Lanier v. Hartford Accident & Indemnity Co.

79 So. 2d 179, 1955 La. App. LEXIS 714
CourtLouisiana Court of Appeal
DecidedMarch 25, 1955
DocketNo. 3969
StatusPublished
Cited by1 cases

This text of 79 So. 2d 179 (Lanier v. Hartford Accident & Indemnity Co.) is published on Counsel Stack Legal Research, covering Louisiana Court of Appeal primary law. Counsel Stack provides free access to over 12 million legal documents including statutes, case law, regulations, and constitutions.

Bluebook
Lanier v. Hartford Accident & Indemnity Co., 79 So. 2d 179, 1955 La. App. LEXIS 714 (La. Ct. App. 1955).

Opinions

ELLIS, Judge.

This is a suit by John H. Lanier and Elizabeth Williams Lanier, father and mother respectively of Preston Luke La-nier who was killed in an automobile accident on April 18, 1947 at approximately 12:30 P.M., as the result of a collision between the log truck which he was driving and a log truck belonging to the defendant, Hillery Simmons, and being driven by one Dermont Lambert, and a pick-up truck owned by the defendant, A. R. Bloss-man, Co., being driven by A. R. Tweedy who at the time was the Tangipahoa Parish manager for the Blossman Company.

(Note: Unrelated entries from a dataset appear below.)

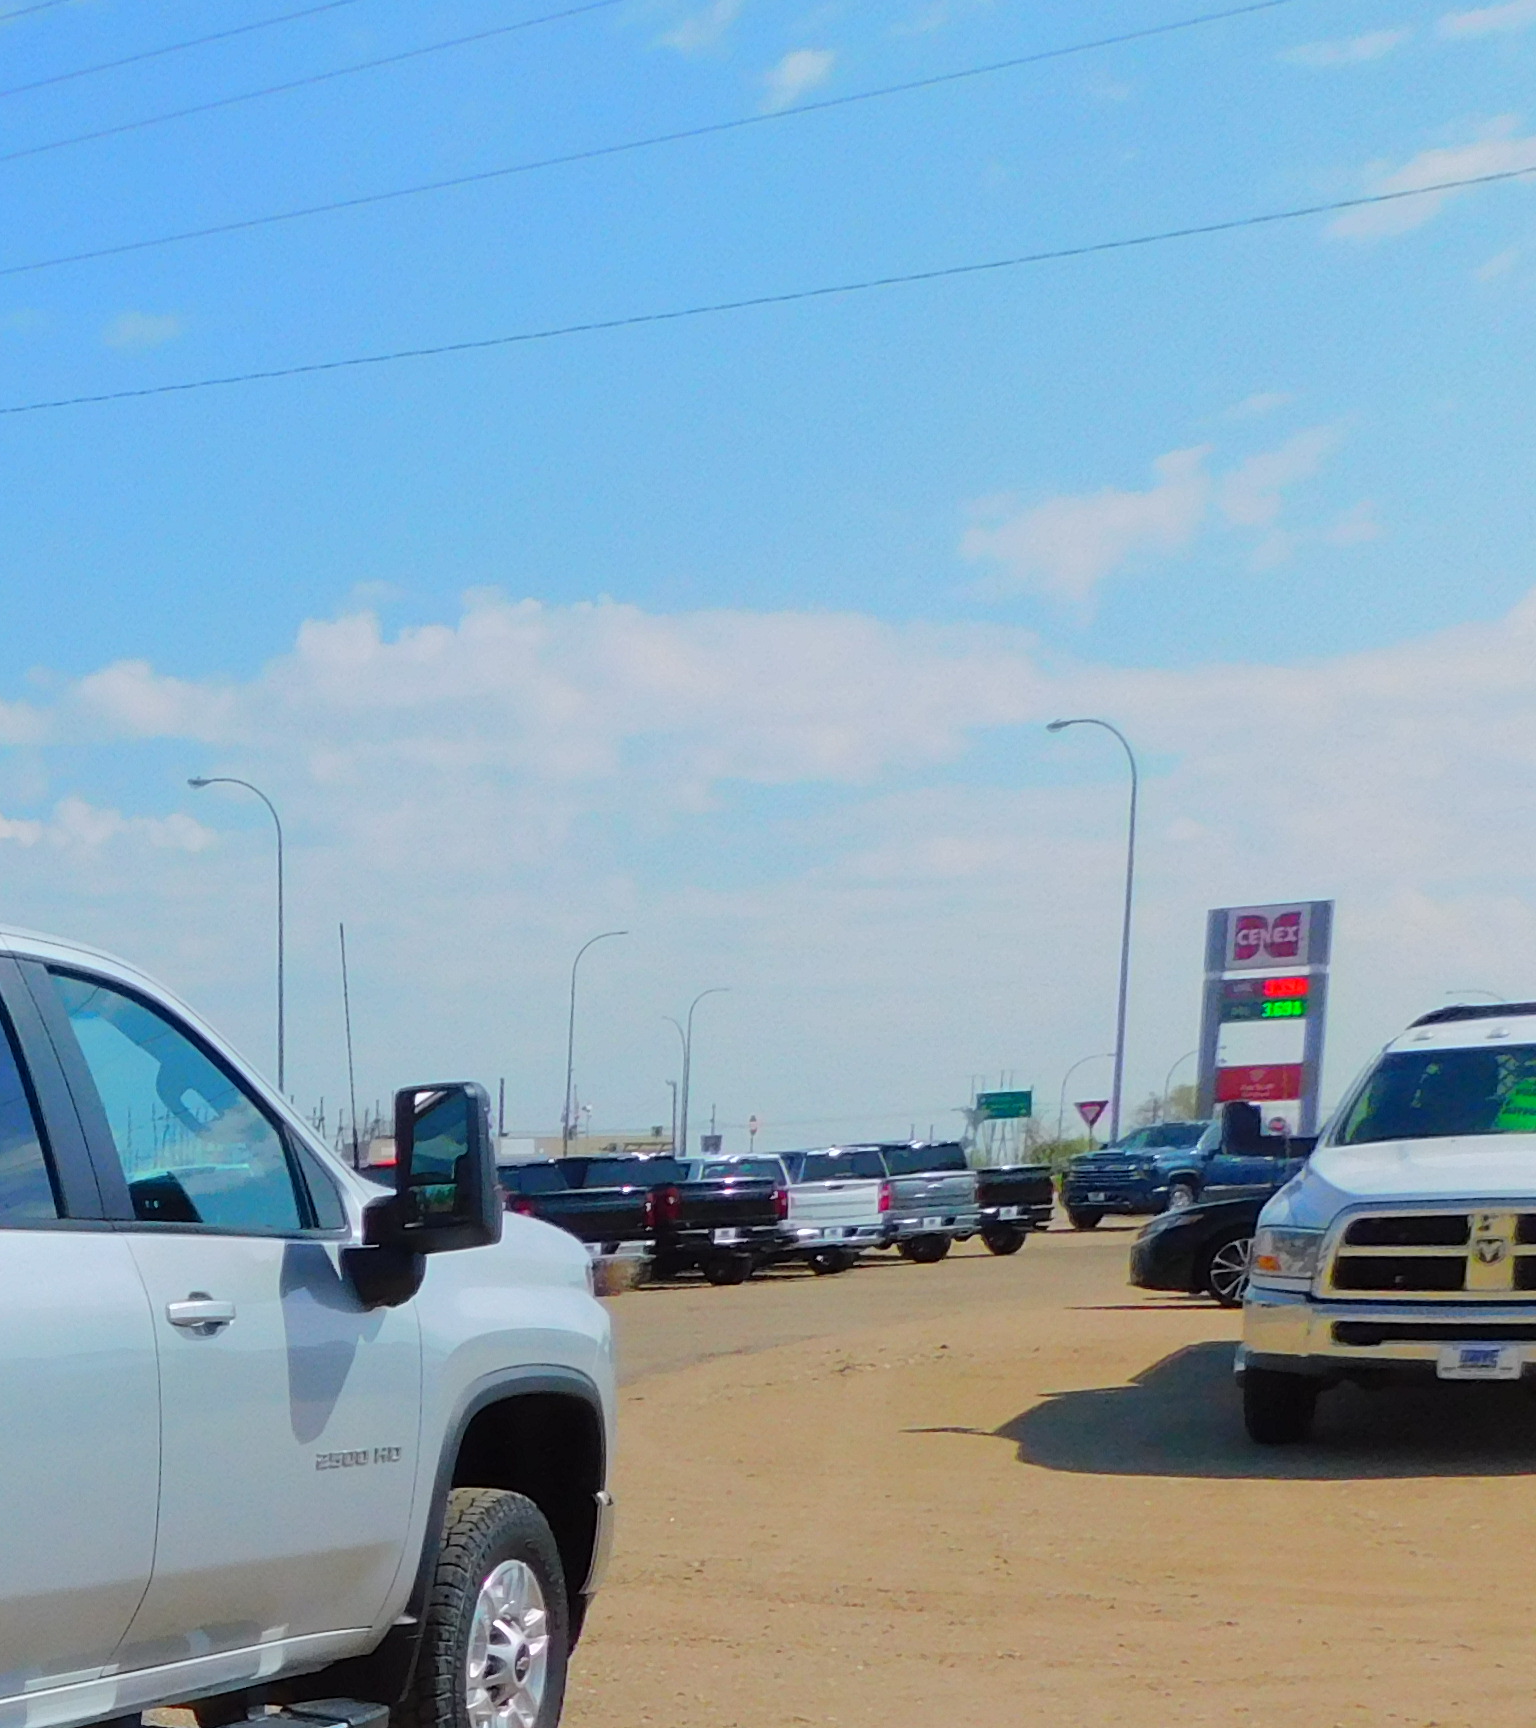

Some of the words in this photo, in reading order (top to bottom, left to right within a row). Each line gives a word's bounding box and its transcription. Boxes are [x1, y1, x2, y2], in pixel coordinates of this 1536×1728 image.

[1235, 925, 1299, 947] CENEX
[315, 1449, 369, 1471] 2500
[374, 1446, 402, 1464] HD
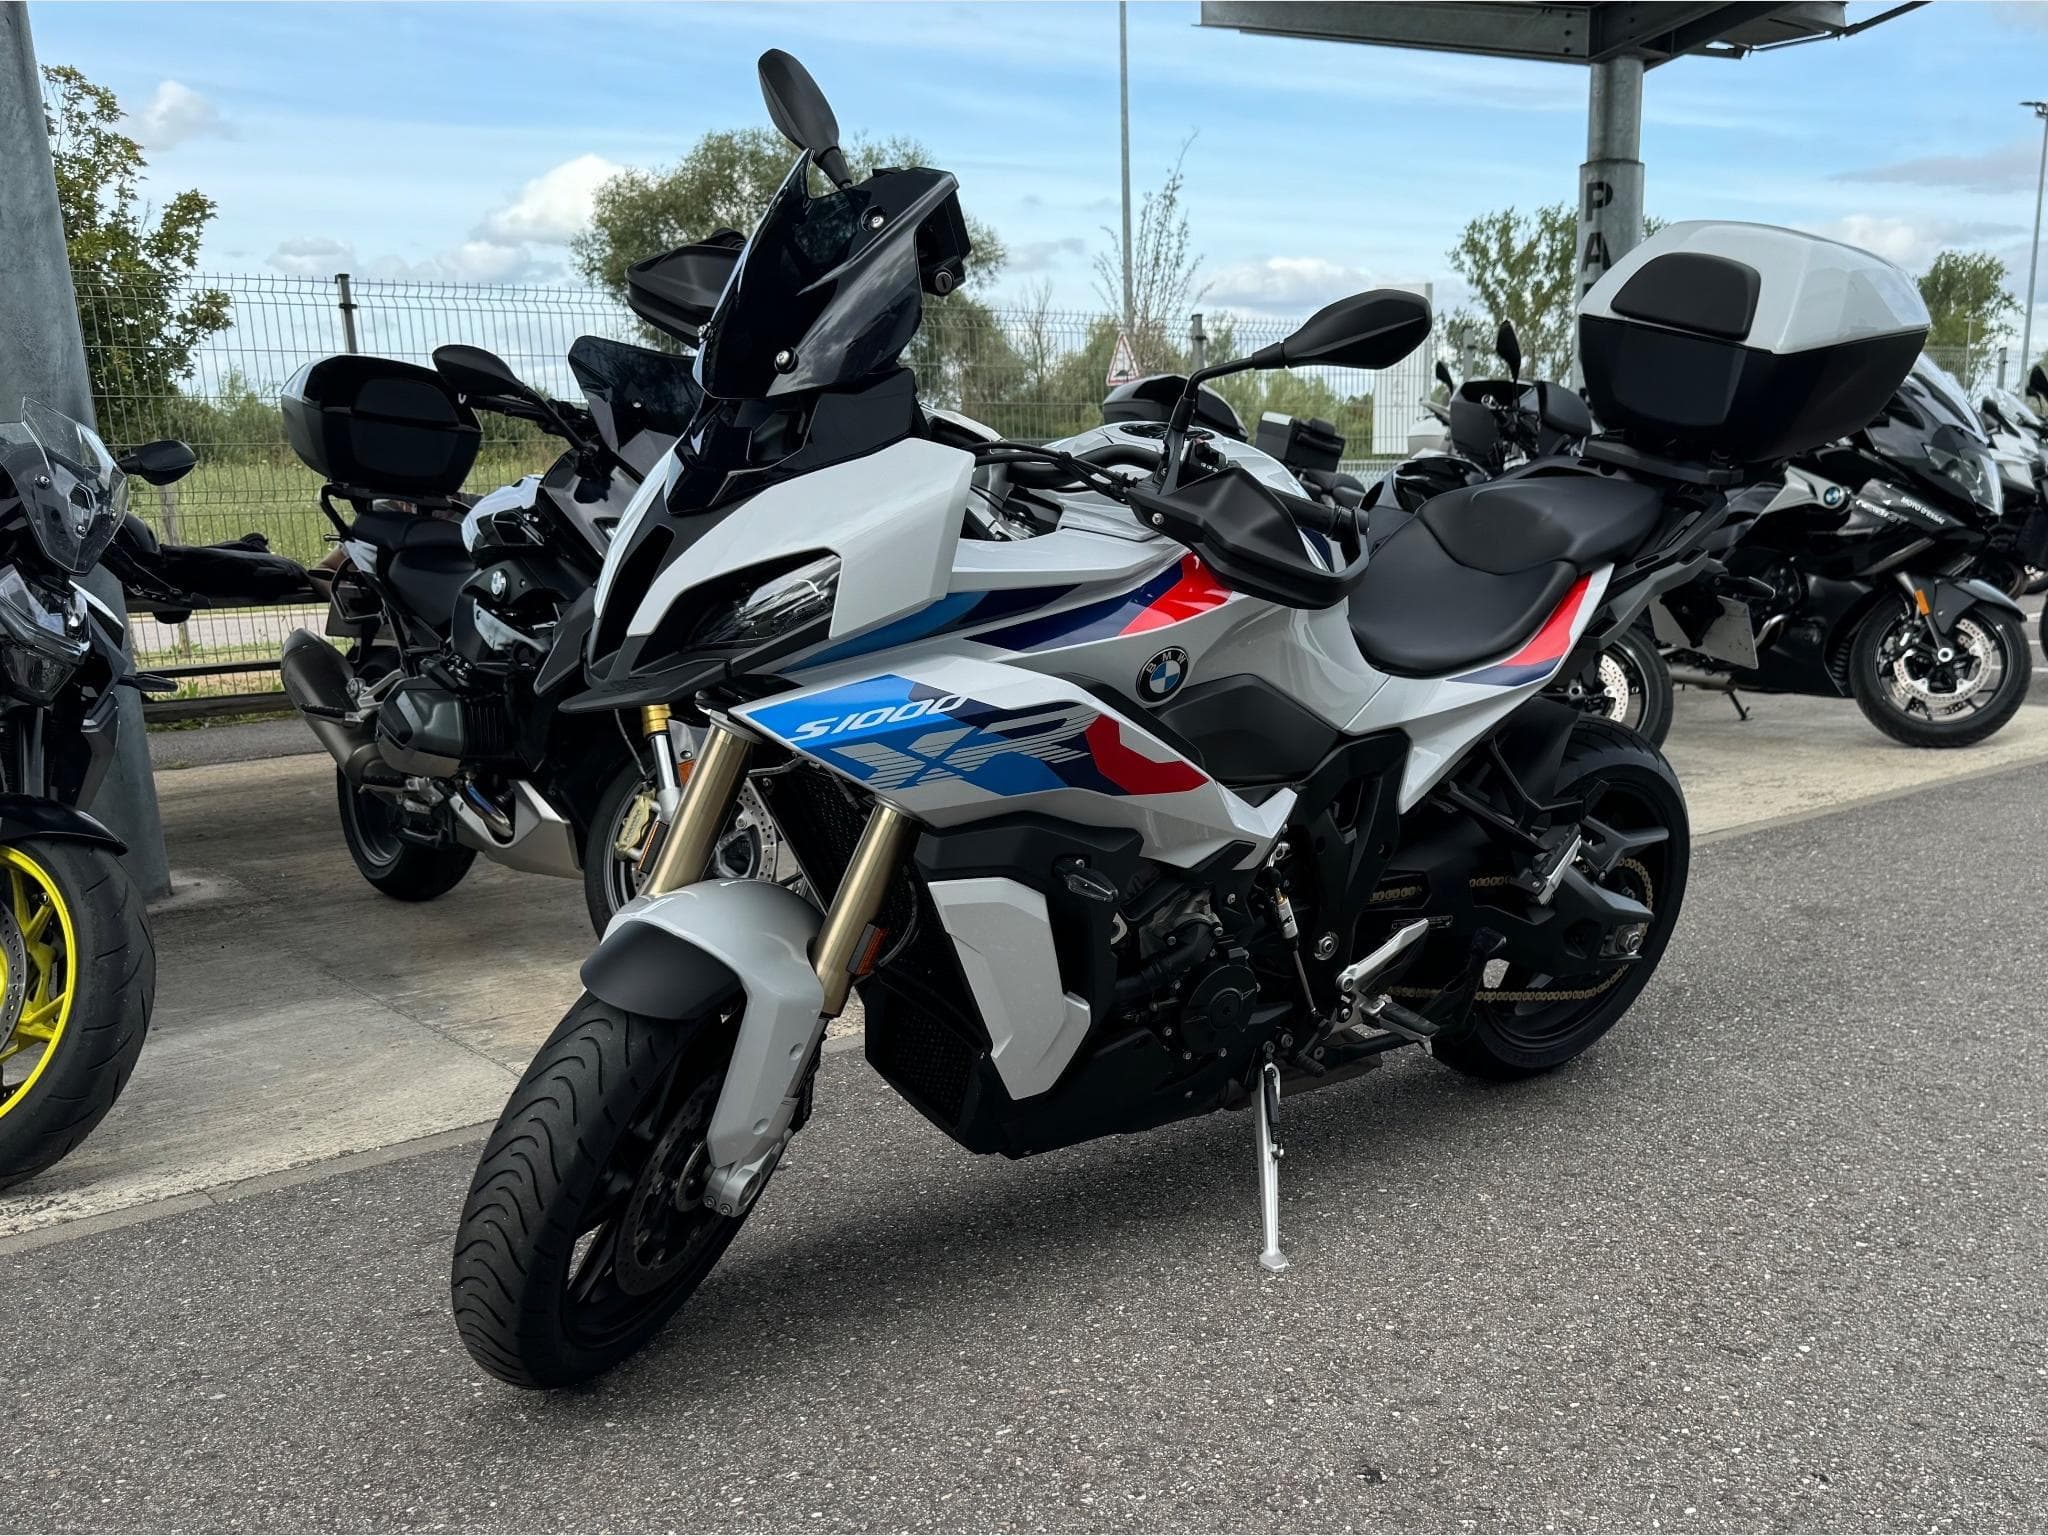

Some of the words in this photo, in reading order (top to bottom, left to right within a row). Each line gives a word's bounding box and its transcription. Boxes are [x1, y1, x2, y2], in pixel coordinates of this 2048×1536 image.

[1581, 182, 1613, 298] PA
[1145, 651, 1187, 674] BMW
[786, 694, 970, 742] S1000
[830, 702, 1100, 790] XR

Plaintiff charges the defendant with the following negligence:

“a. In attempting to pass a parked vehicle without ascertaining whether or not safe passage could be negotiated.
“b. In failing to accord converging traffic its proper side of the highway.
“c. In pulling out in front of converging traffic.
“d. In not having their vehicles under control sufficiently to enable them to stop behind parked traffic to enable converging traffic to safely pass.
“e. In failing to sound horn or other warning in passing traffic.
“f. That the first and second named defendants were negligent in attempting to pass an automobile on the upgrade of a hill without ascertaining that said passage could be safely made.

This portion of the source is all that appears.